» **EXERCISE INPUTS**:
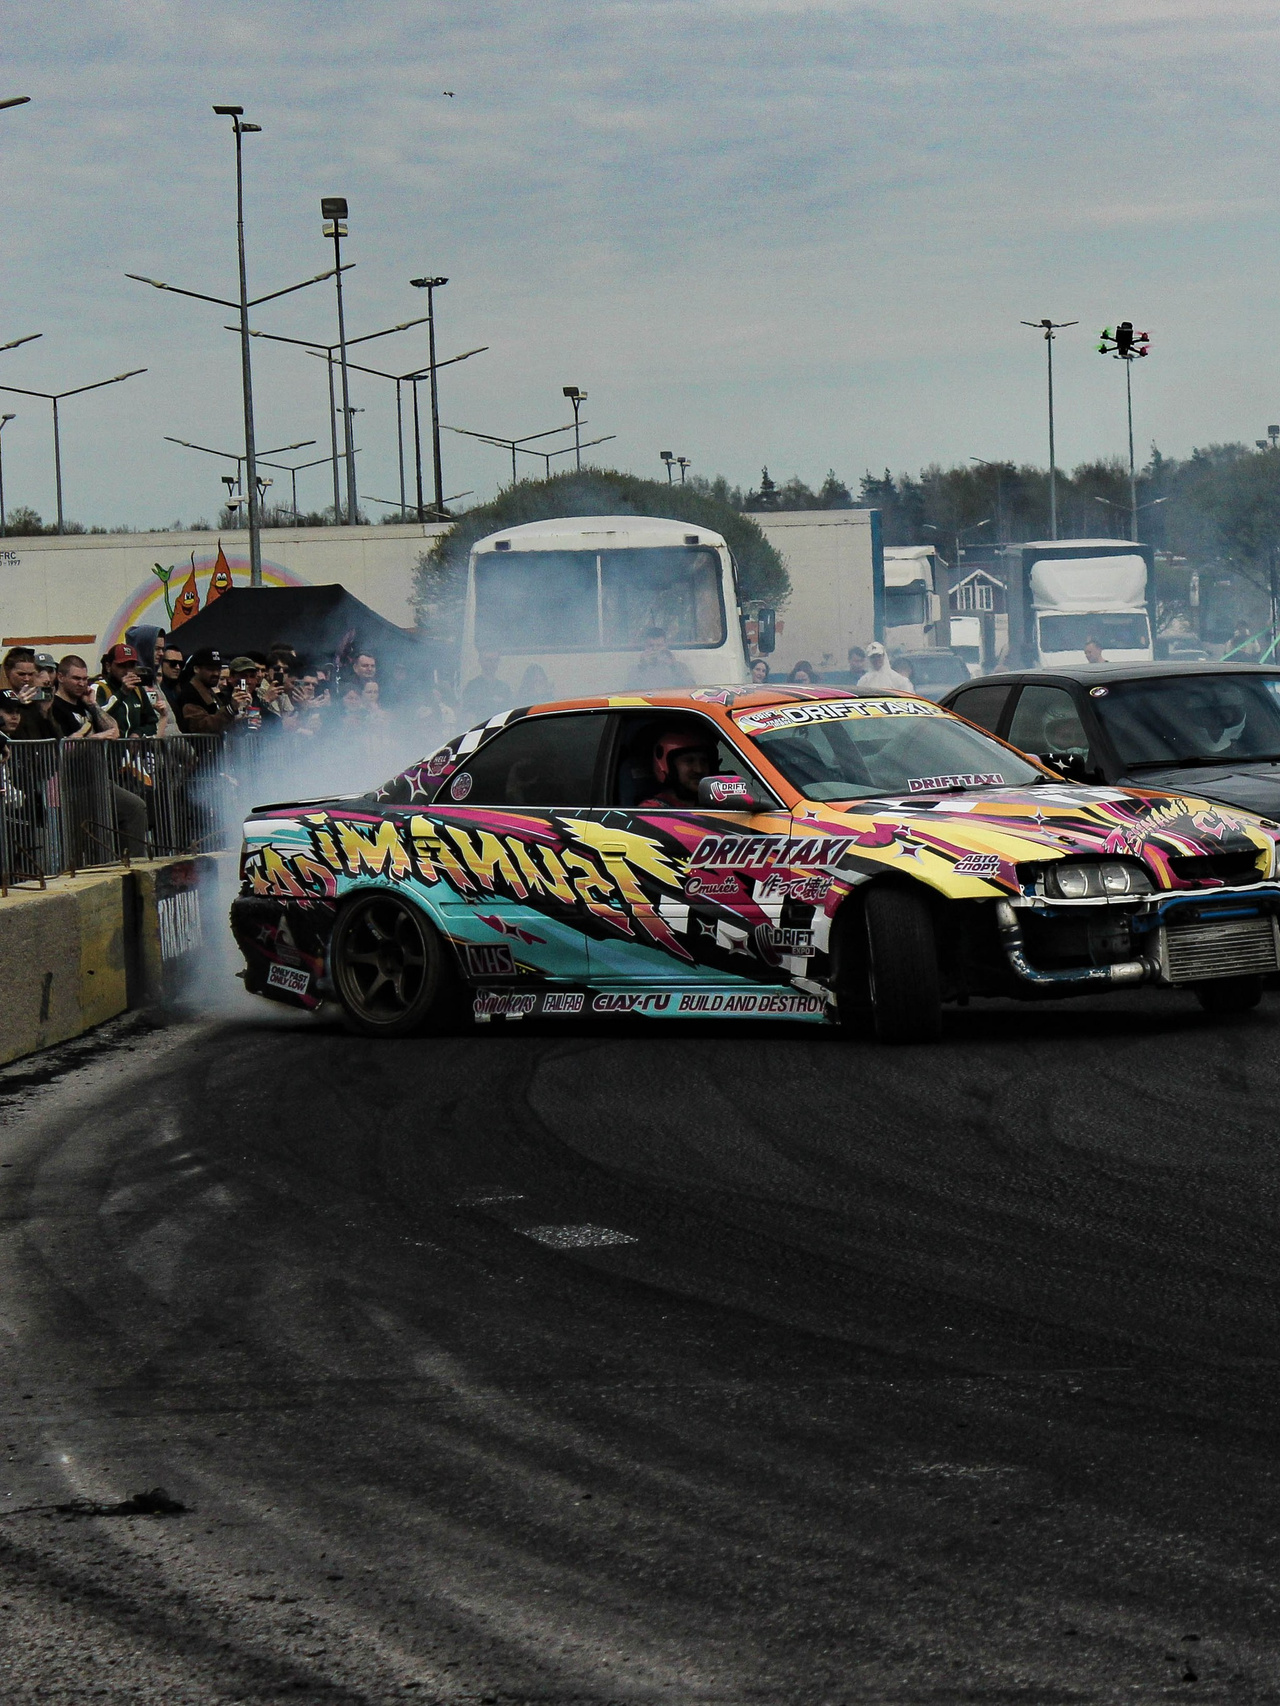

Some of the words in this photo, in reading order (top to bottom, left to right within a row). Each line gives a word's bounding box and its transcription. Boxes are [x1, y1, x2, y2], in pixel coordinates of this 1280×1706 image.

[781, 700, 870, 724] DRIFT
[868, 700, 929, 719] TAXI
[908, 777, 959, 793] DRIFT
[957, 774, 1004, 787] TAXI
[690, 838, 780, 865] DRIFT
[775, 838, 854, 865] TAXI
[962, 855, 999, 863] АВТО
[954, 863, 998, 871] СПОРТ
[774, 929, 814, 946] DRIFT
[792, 947, 810, 955] EXPO
[470, 947, 513, 973] VHS
[270, 974, 288, 984] ONLY
[287, 980, 306, 991] LOW
[271, 965, 290, 977] ONLY
[289, 971, 308, 983] FAST
[679, 995, 723, 1011] BUILD
[723, 995, 759, 1011] AND
[757, 996, 826, 1012] DESTROY
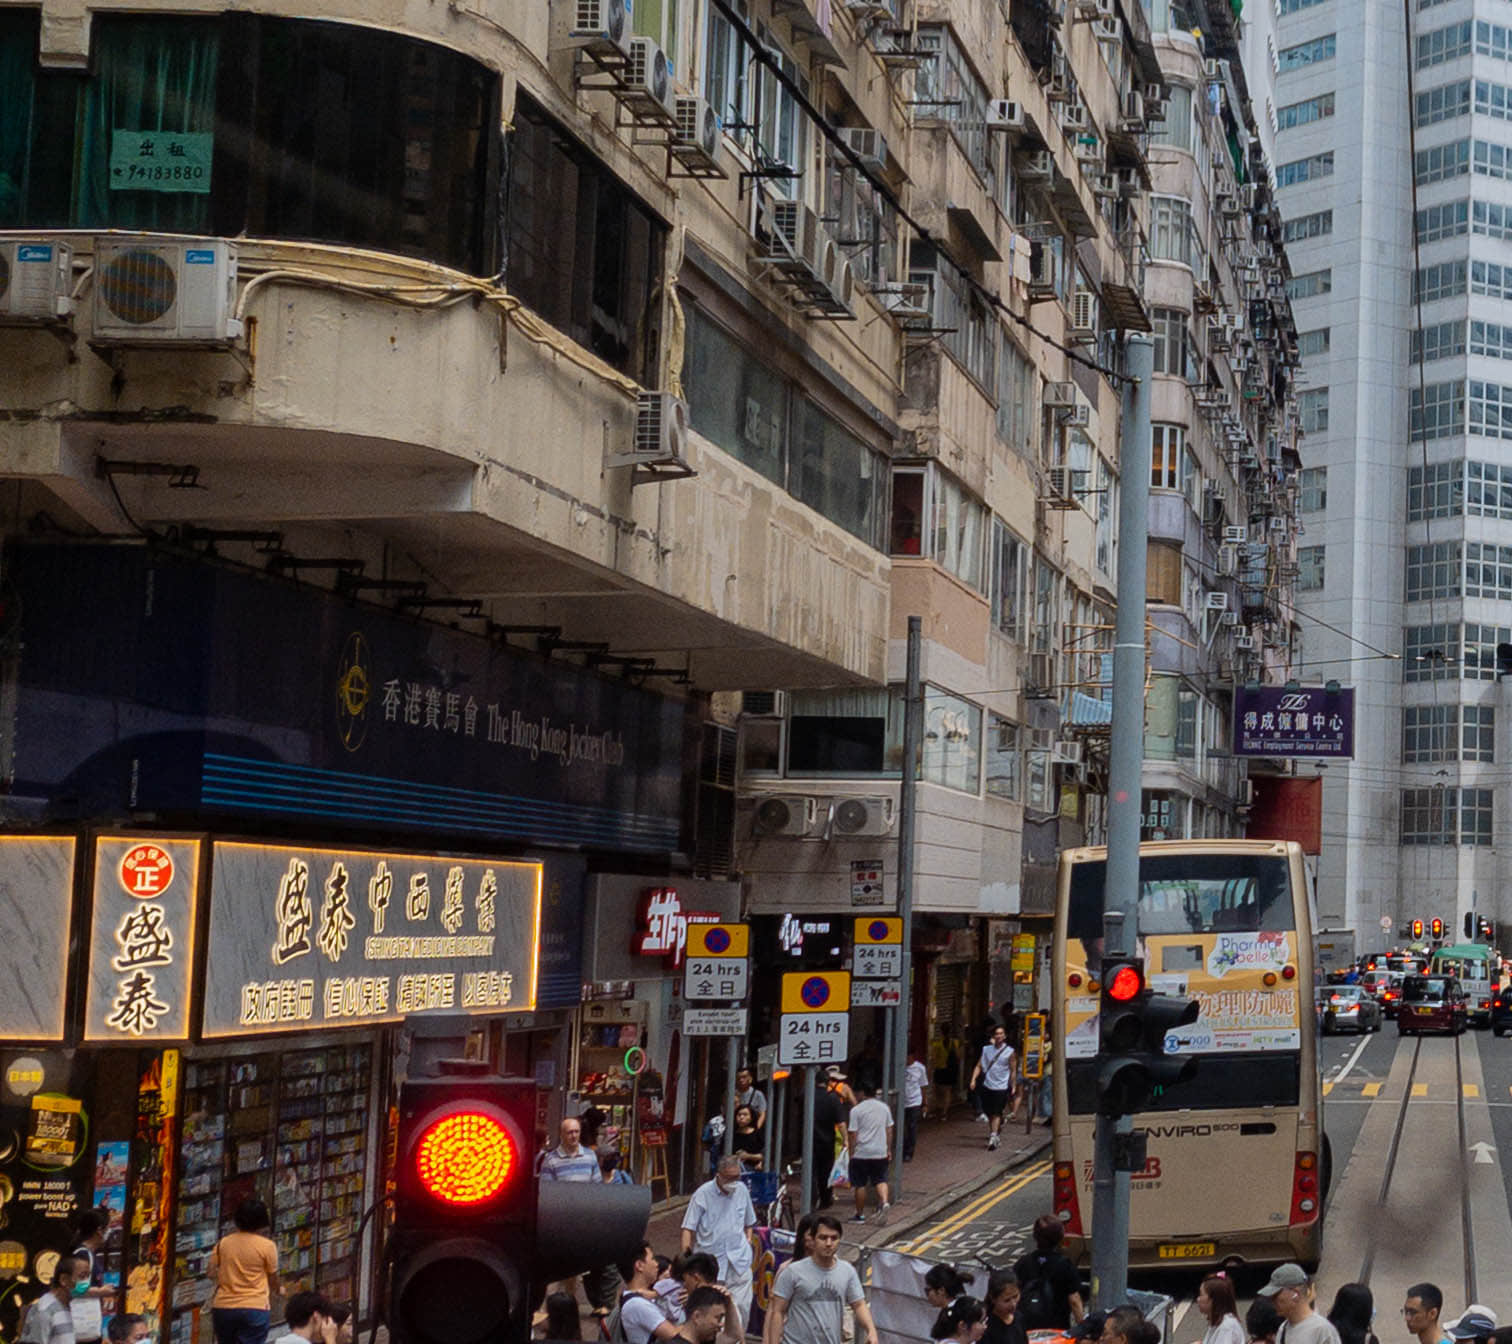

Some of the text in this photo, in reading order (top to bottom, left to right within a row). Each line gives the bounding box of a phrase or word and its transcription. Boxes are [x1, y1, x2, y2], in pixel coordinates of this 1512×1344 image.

[139, 138, 186, 157] 出租
[381, 678, 480, 737] 香港賽馬會
[486, 703, 510, 745] The
[510, 709, 540, 761] Hong
[133, 866, 160, 892] 正
[858, 947, 897, 958] 24 hrs
[1221, 937, 1278, 953] Pharma
[110, 904, 171, 1035] 盛泰
[692, 963, 741, 976] 24 hrs
[863, 961, 892, 974] 全日
[697, 980, 735, 996] 全日
[788, 1020, 841, 1035] 24 hrs
[793, 1040, 834, 1060] 全日

» **WHAT YOU HAVE TO DO**:
Print exactly the lines between the line with "Some of the text" and the final line of the records above, both included.

» **SOLUTION TO THIS PROBLEM**:
Some of the text in this photo, in reading order (top to bottom, left to right within a row). Each line gives the bounding box of a phrase or word and its transcription. Boxes are [x1, y1, x2, y2], in pixel coordinates of this 1512×1344 image.

[139, 138, 186, 157] 出租
[381, 678, 480, 737] 香港賽馬會
[486, 703, 510, 745] The
[510, 709, 540, 761] Hong
[133, 866, 160, 892] 正
[858, 947, 897, 958] 24 hrs
[1221, 937, 1278, 953] Pharma
[110, 904, 171, 1035] 盛泰
[692, 963, 741, 976] 24 hrs
[863, 961, 892, 974] 全日
[697, 980, 735, 996] 全日
[788, 1020, 841, 1035] 24 hrs
[793, 1040, 834, 1060] 全日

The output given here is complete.